To remedy these immense evils a radical change will be needed in the construction of our large towns, and in the habits of the citizens. Every care that enlightenment and philanthrophy can suggest, should be expended in the remodeling of our old towns and poors' quarters. No new street should be allowed to be built in a large city, of less than a certain width, in proportion to the supply of fresh air; and in those which have been bequeathed us by our ancestors, we should never rest till we have succeeded in altering them to a healthy standard. But there is nothing perhaps of so much importance, or which is so totally neglected in the poorer districts, as that open spaces should be left at intervals, in the midst of the most crowded parts, to serve as reservoirs of fresh air. These small parks should be simply covered with grass, with a few trees here and there, whose healthy effect in decarbonising the atmosphere is shown by science; and whose flourishing condition would be a test of the salubrity of the air around. Unfenced by envious railings, they should be freely open to all. Although all the community, young and old, would benefit by such spaces, yet to none would they be so great a boon, nay, so absolutely necessary, as to the children. These have as yet no business to occupy their day, and it must be spent in play somewhere, whether in the filthy musty rooms, or in the dangerous thoroughfares.

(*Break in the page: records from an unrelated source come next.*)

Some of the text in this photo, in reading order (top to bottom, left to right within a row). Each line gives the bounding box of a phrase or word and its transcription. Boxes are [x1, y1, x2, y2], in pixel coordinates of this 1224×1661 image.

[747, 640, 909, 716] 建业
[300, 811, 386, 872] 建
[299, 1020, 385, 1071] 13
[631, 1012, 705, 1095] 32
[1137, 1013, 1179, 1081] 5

One's heart sickens over the thought of a childhood spent in such places. No wonder that thus they become spectres instead of children; that about two-thirds of them die of scrofulous diseases, and that the rest grow up withered and stunted, with watery blood and cold dull hearts. Shall we love and care for our children (for all children are ours as belonging to our common humanity) less than for the animals and plants? In truth it seems so, when we observe, as we often do, in large towns, public gardens, or meadows, from which the children of the poor at least, are totally excluded, whether for the sake of a few wretched plants, or from mere caprice.

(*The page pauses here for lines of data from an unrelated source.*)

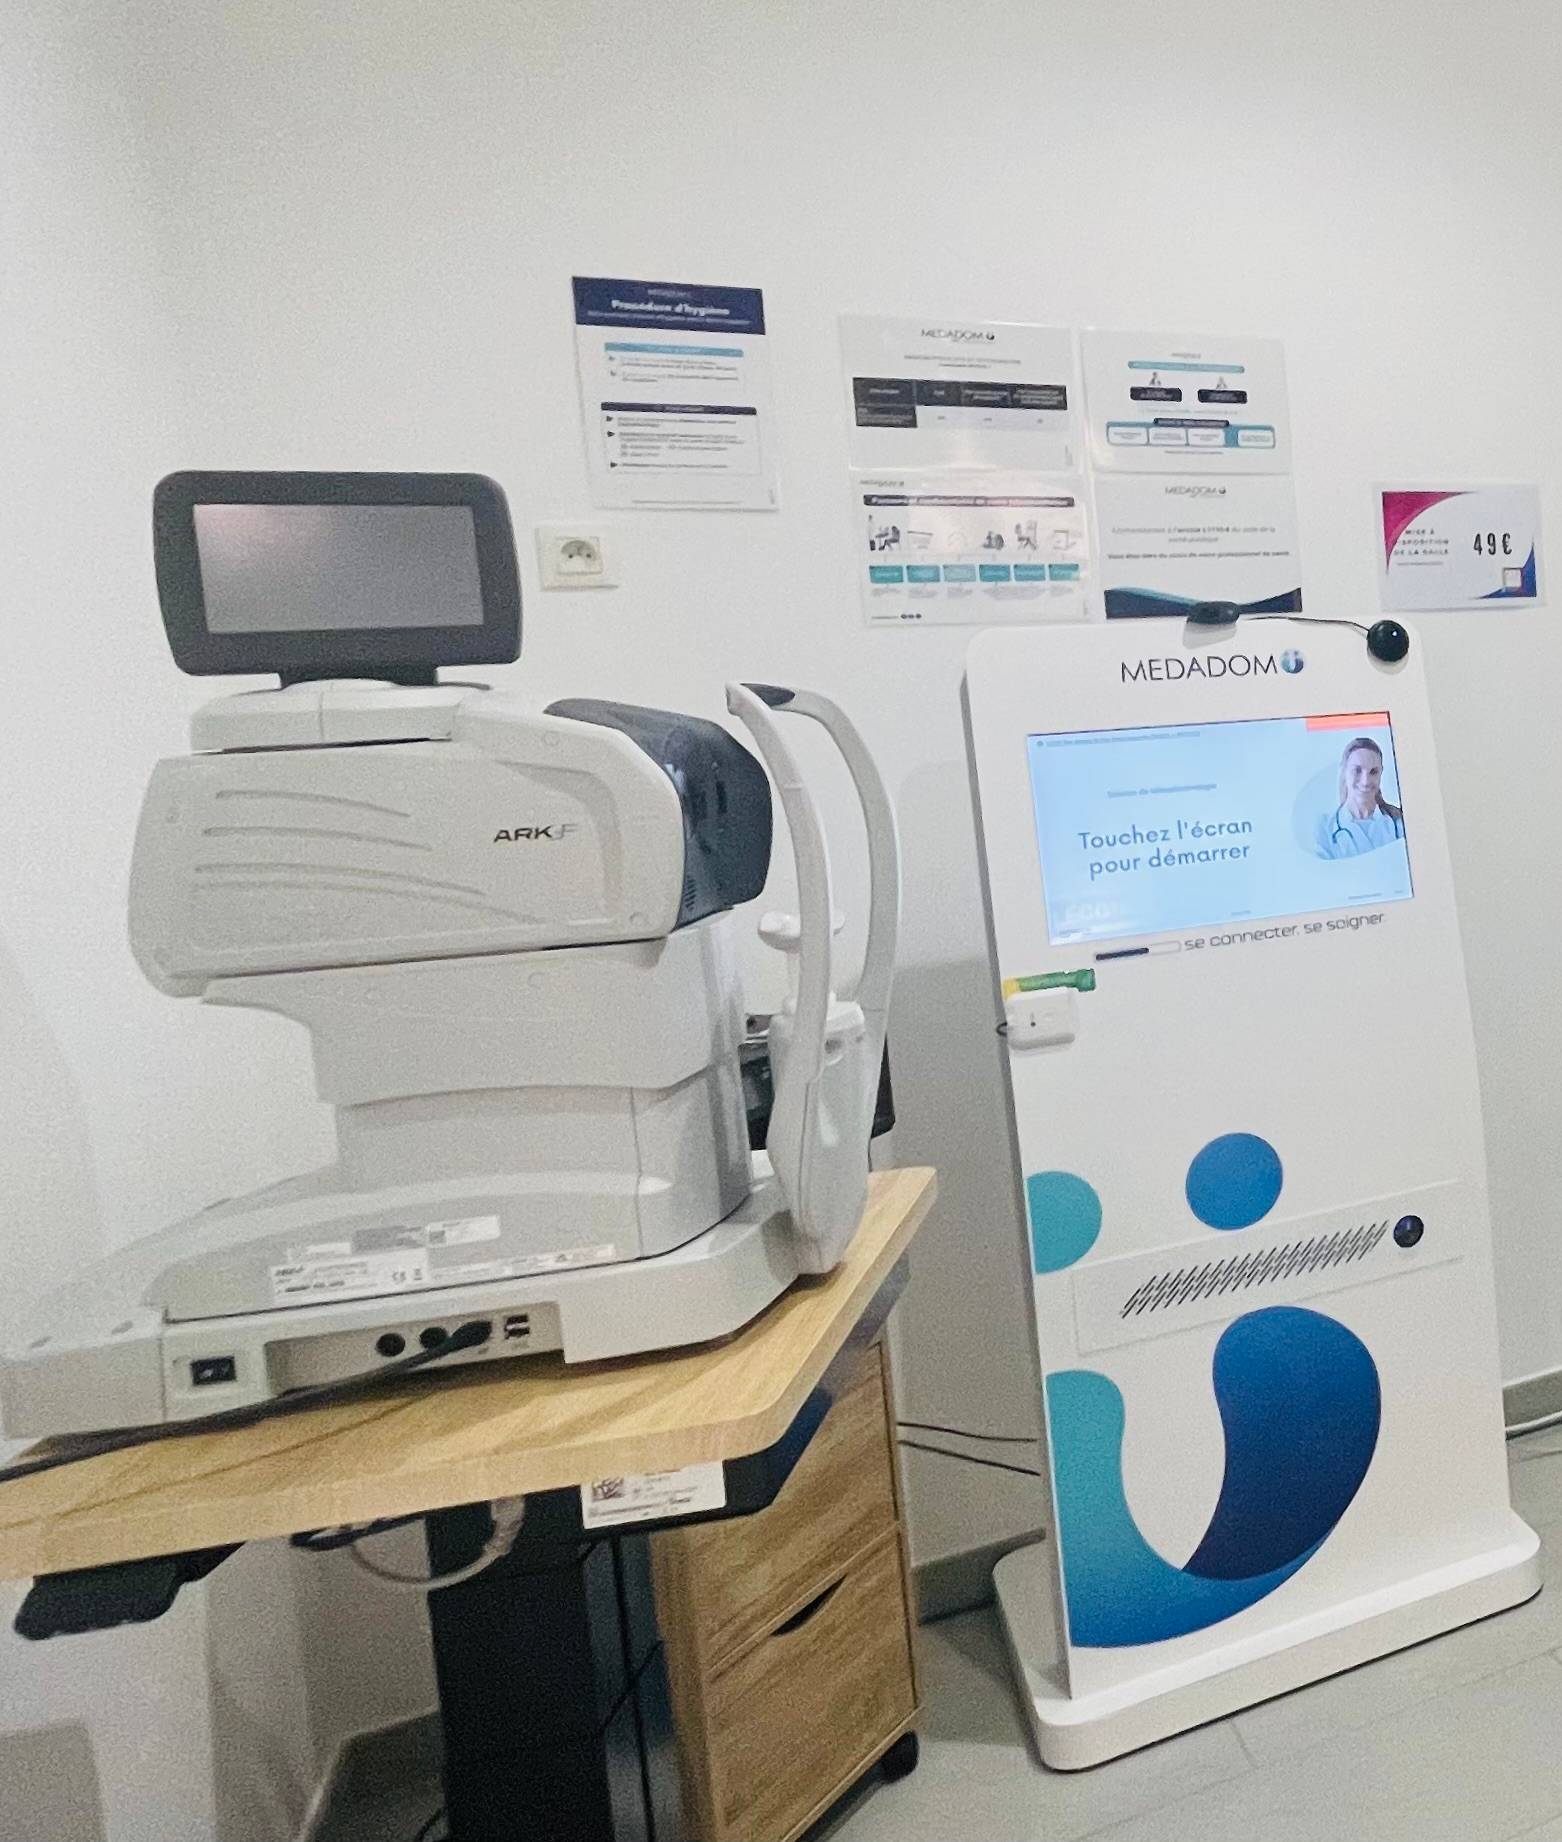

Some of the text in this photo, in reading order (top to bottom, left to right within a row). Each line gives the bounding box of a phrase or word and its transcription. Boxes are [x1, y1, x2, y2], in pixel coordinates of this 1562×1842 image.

[1121, 654, 1278, 683] MEDADOM
[1078, 819, 1253, 850] Touchez l'écran
[1089, 845, 1252, 881] pour démarrer
[1184, 939, 1206, 951] se
[1303, 922, 1323, 935] se

To the feeling heart there is no spectacle more delightful, than that of healthy and happy children sporting on the grass, and at every breath and every frolic, laying in stores of health, which in after years shall bless themselves and the city which gave them birth. There is no spectacle so miserable, as that of the pale, dirty, spectres of the streets, building mudpies, peevish and quarrelsome, the future tenants of the hospitals and gaols. As long as the children have the streets alone to play in, there is no hope for them. The high streets are ever dangerous, and on this account they are often kept at home by their parents.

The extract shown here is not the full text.